__TASK DESCRIPTION__
Your answer is the lines from the one that has "this 1920×1080 image." through the last line of the records below, retyped exactly and alone.

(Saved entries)
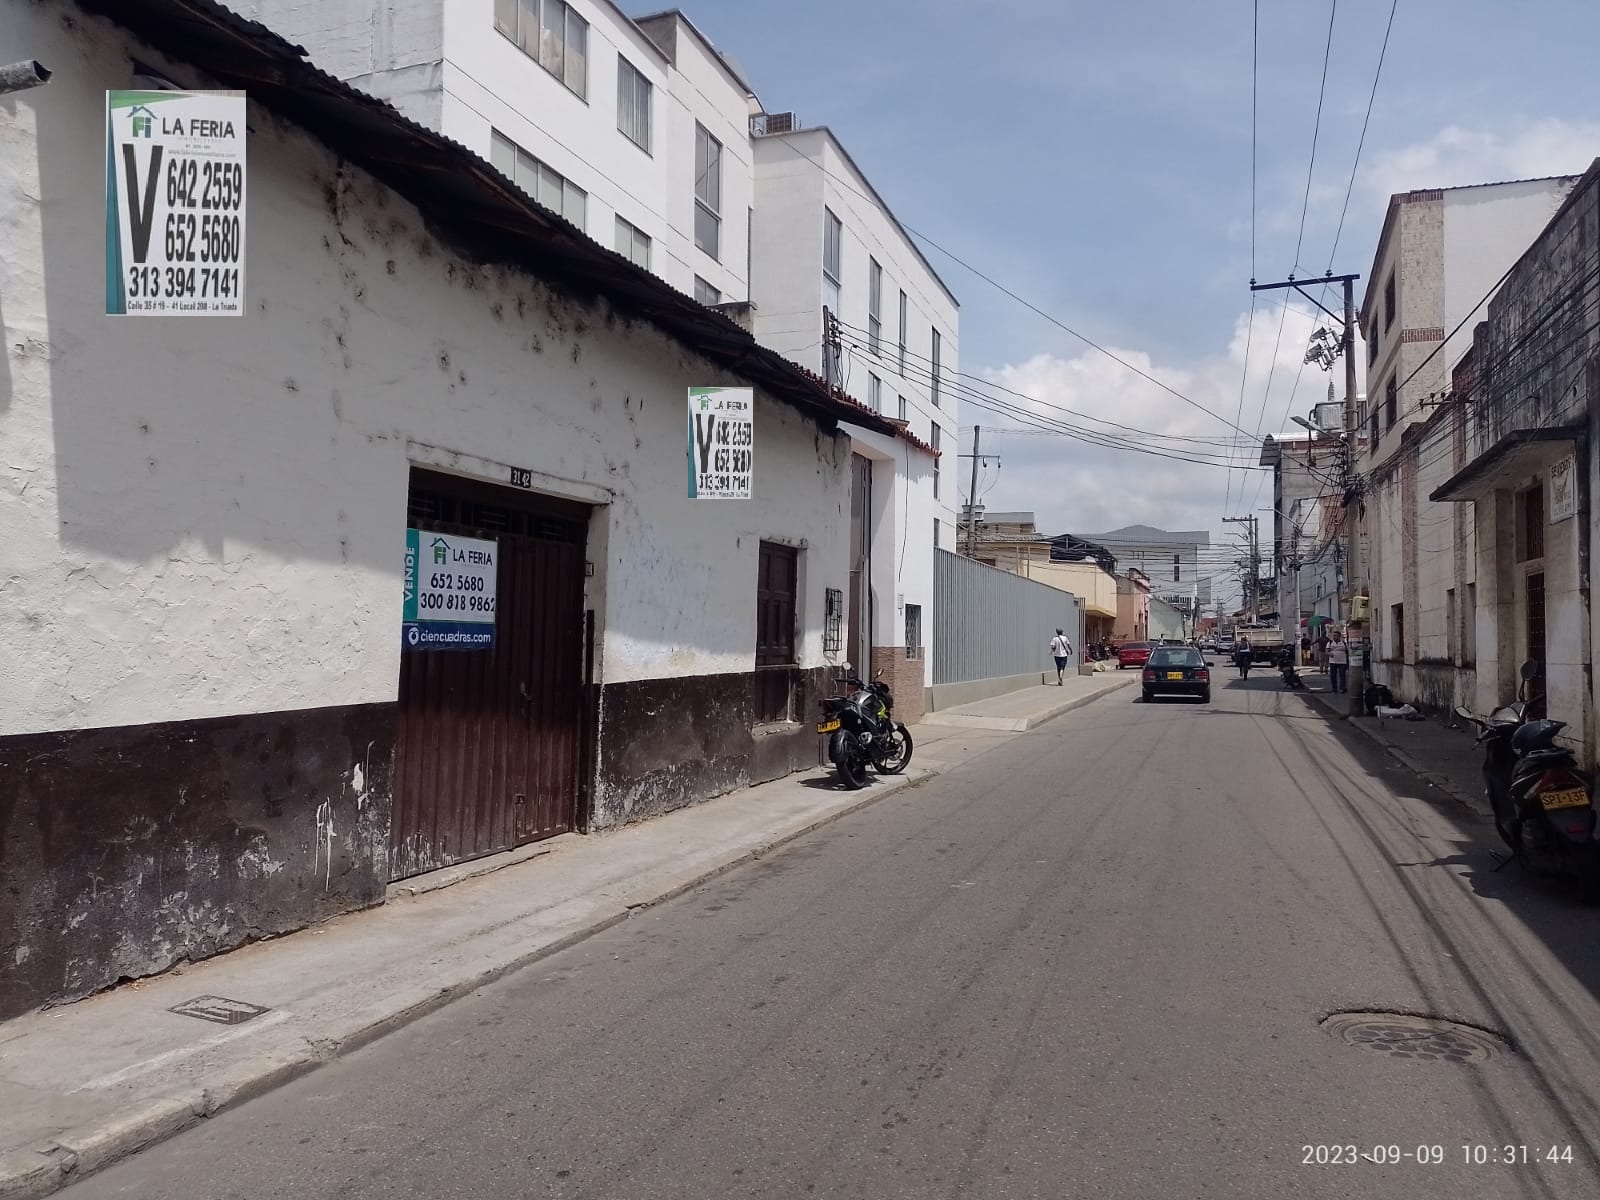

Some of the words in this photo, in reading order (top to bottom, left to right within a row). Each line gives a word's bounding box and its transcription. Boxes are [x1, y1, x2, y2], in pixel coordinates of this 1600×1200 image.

[163, 117, 184, 135] LA
[191, 119, 235, 138] FERIA
[167, 158, 197, 207] 642
[202, 161, 242, 211] 2559
[122, 144, 163, 263] V
[165, 213, 196, 262] 652
[201, 214, 240, 263] 5680
[129, 266, 159, 298] 313
[165, 267, 196, 298] 394
[201, 268, 238, 299] 7141
[453, 549, 466, 563] LA
[468, 550, 493, 566] FERIA
[405, 547, 415, 602] VENDE
[431, 573, 453, 590] 652
[457, 575, 484, 592] 5680
[420, 593, 444, 609] 300
[447, 595, 466, 611] 818
[470, 596, 495, 612] 9862
[420, 629, 491, 643] ciencuadras.com
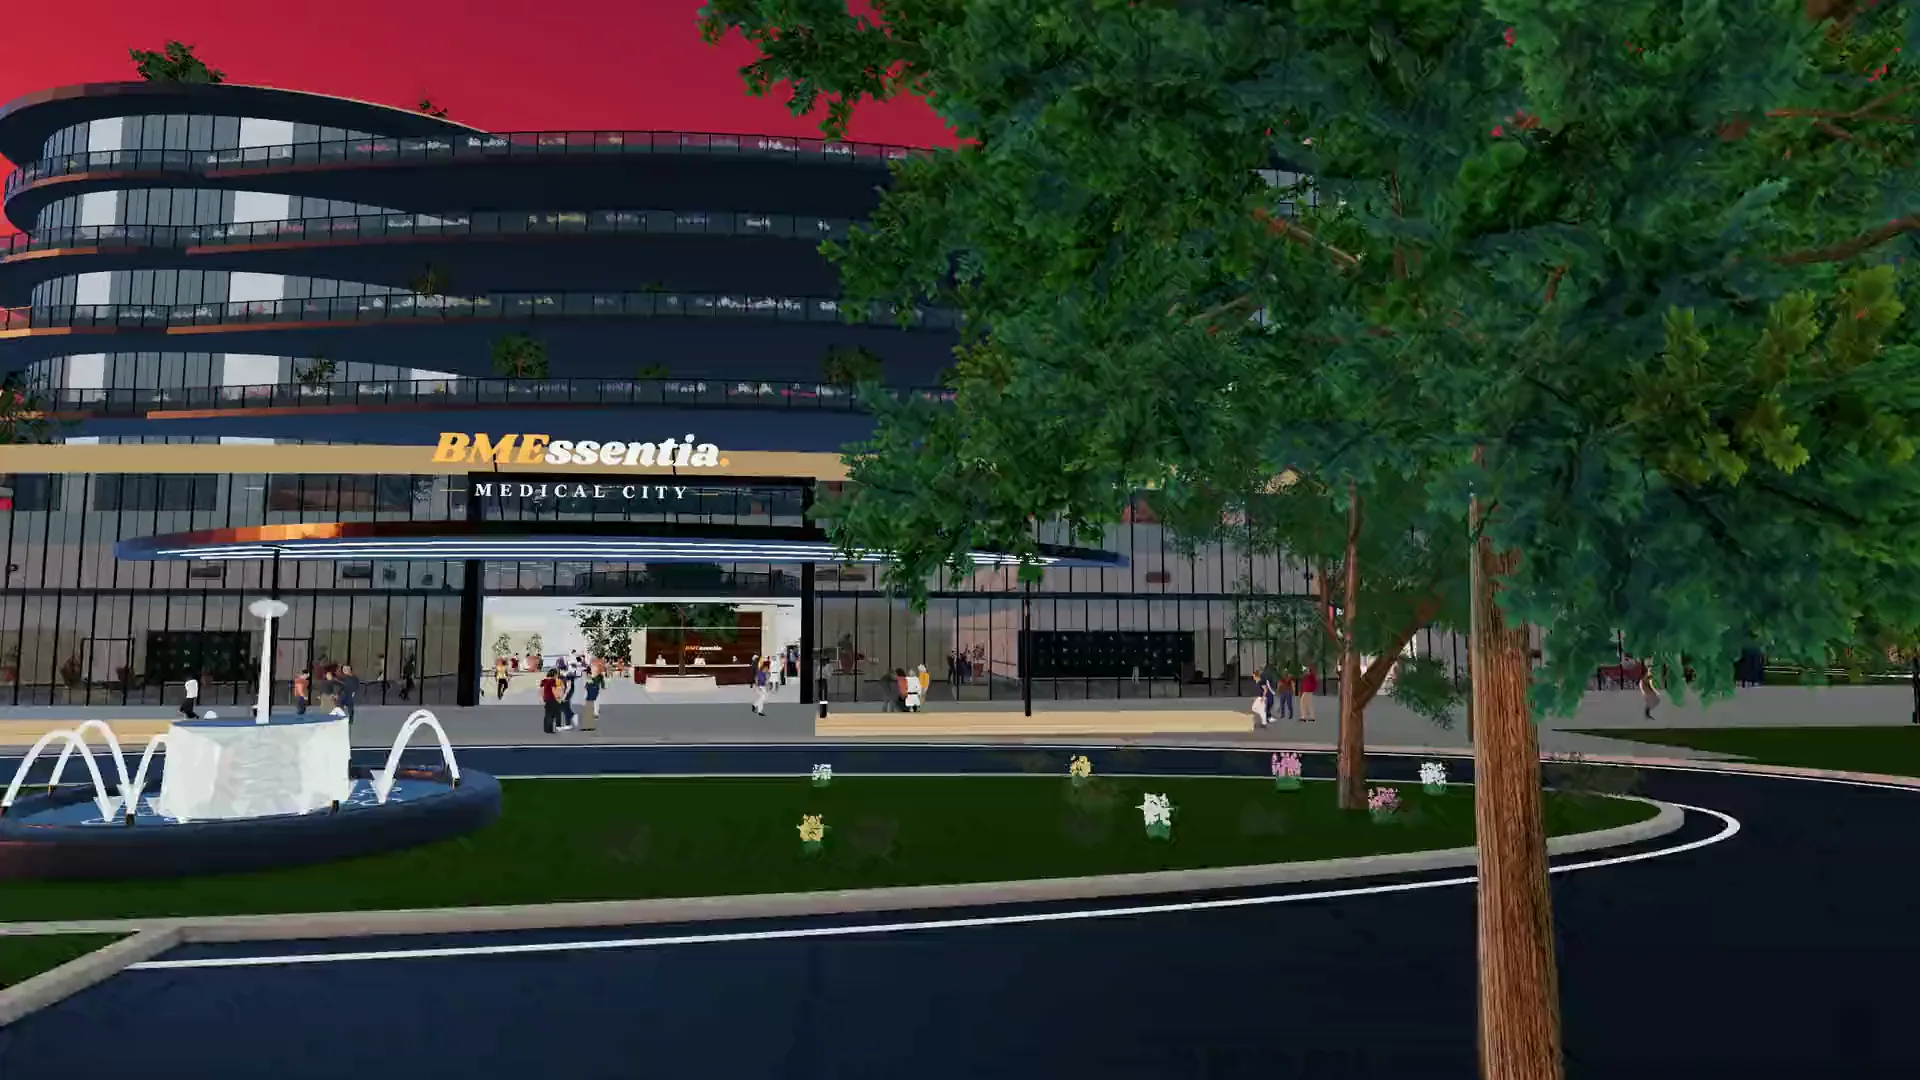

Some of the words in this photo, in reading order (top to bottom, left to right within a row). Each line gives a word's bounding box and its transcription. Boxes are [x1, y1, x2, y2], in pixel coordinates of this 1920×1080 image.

[432, 432, 730, 467] BMEssentia.
[474, 483, 606, 498] MEDICAL
[622, 486, 689, 500] CITY

__OUTPUT FOR THIS EXERCISE__
Some of the words in this photo, in reading order (top to bottom, left to right within a row). Each line gives a word's bounding box and its transcription. Boxes are [x1, y1, x2, y2], in pixel coordinates of this 1920×1080 image.

[432, 432, 730, 467] BMEssentia.
[474, 483, 606, 498] MEDICAL
[622, 486, 689, 500] CITY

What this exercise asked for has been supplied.